Now la us consider the technical developments that are most often advanced as potential silver bullets. What problems do they address--the problems of essence, or the remaining accidental difficulties? Do they offer revolutionary advances, or incremental ones?
One of these developments is Ada, a general-purpose high-level language of the 1980's. Ada not only reflects evolutionary improvements in language concepts, but indeed embodies features to encourage modern design and modularization. Perhaps the Ada philosophy is more of an advance than the Ada language, for it is the philosophy of modularization, of abstract data types, of hierarchical structuring. Ada is over-rich, a natural result of the process by which requirements were laid on its design. That is not fatal, for subsetted working vocabularies can solve the learning problem, and hardware advances will give us the cheap MIPS to pay for the compiling costs. Advancing the structuring of software systems is indeed a very good use for the increased MIPS our dollars will buy.
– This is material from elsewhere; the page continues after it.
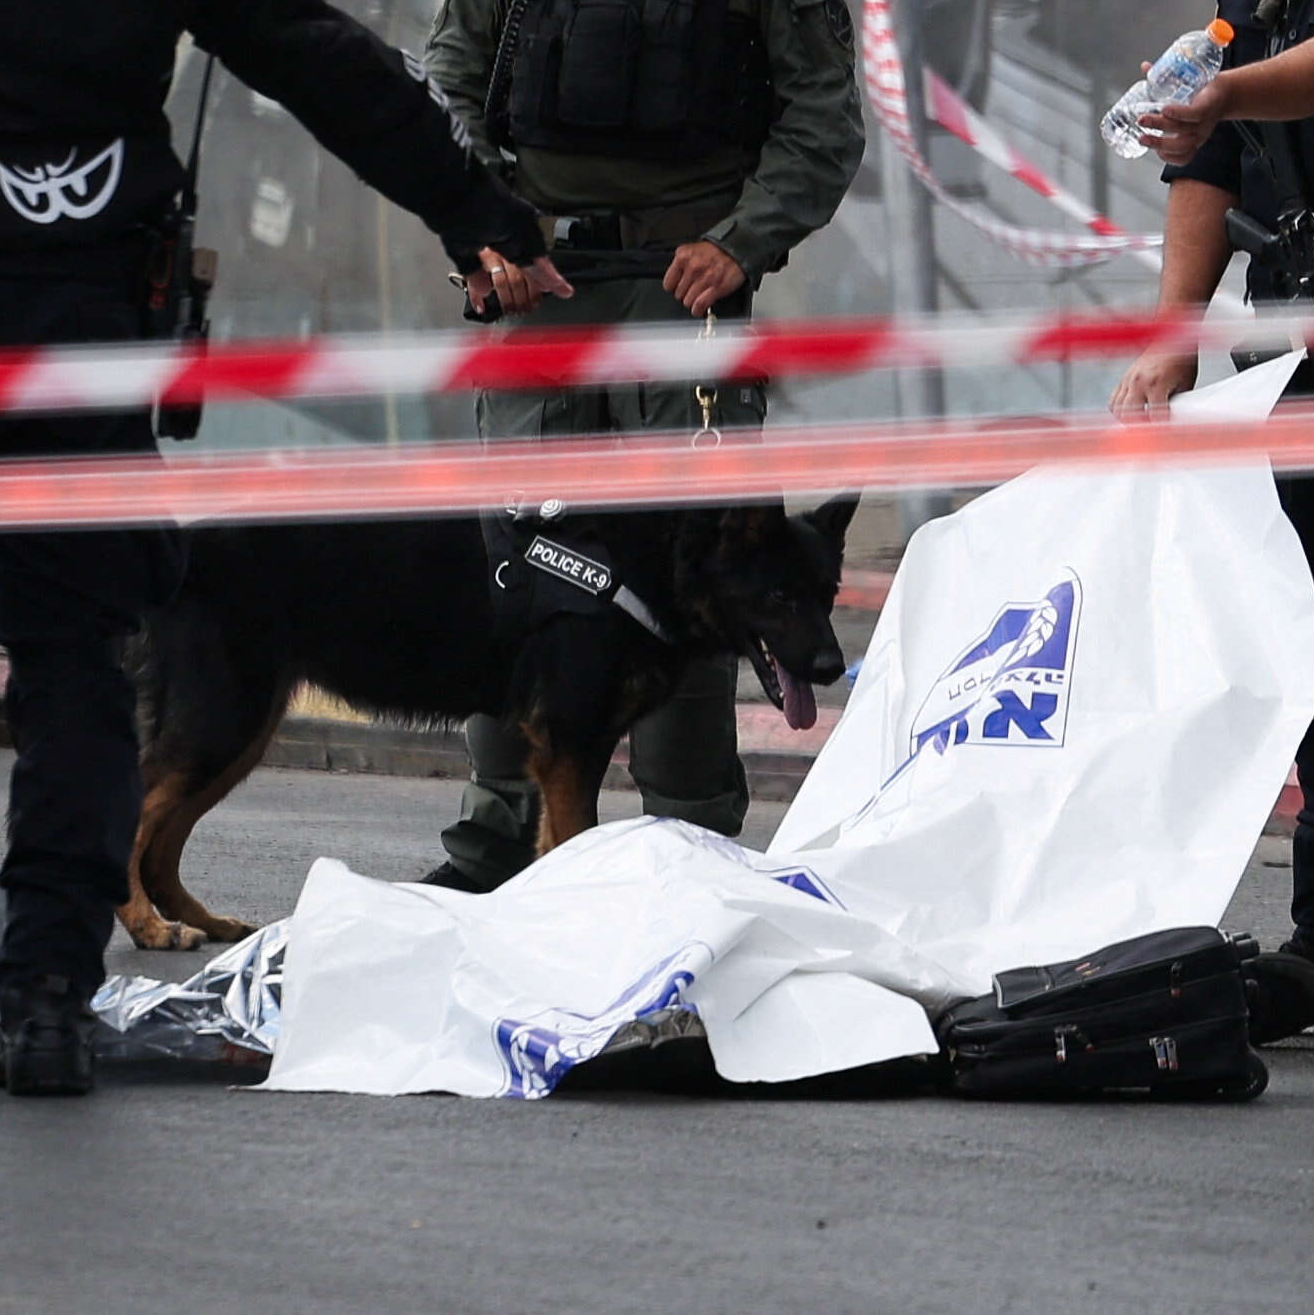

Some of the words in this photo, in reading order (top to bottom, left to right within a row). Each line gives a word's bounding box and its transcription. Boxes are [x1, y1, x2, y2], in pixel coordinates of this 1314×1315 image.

Operating systems, loudly decried in the 1960's for their memory and cycle costs, have proved to be an excellent form in which to use some of the MIPS and cheap memory bytes of the past hardware surge[1] .
Nevertheless, Ada will not prove to be the silver bullet that slays the software productivity monster. It is, after all, just another high-level language, and the biggest payoff from such languages came from the first transition--the transition up from the accidental complexities of the machine into the more abstract statement of step-by-step solutions. Once those accidents have been removed, the remaining ones will be smaller, and the payoff from their removal will surely be less.
I predict that a decade from now, when the effectiveness of Ada is assessed, it will be seen to have made a substantial difference, but not because of any particular language feature, nor indeed because of all of them combined. Neither will the new Ada environments prove to be the cause of the improvements. Ada's greatest contribution will be that switching to it occasioned training programmers in modern software-design techniques.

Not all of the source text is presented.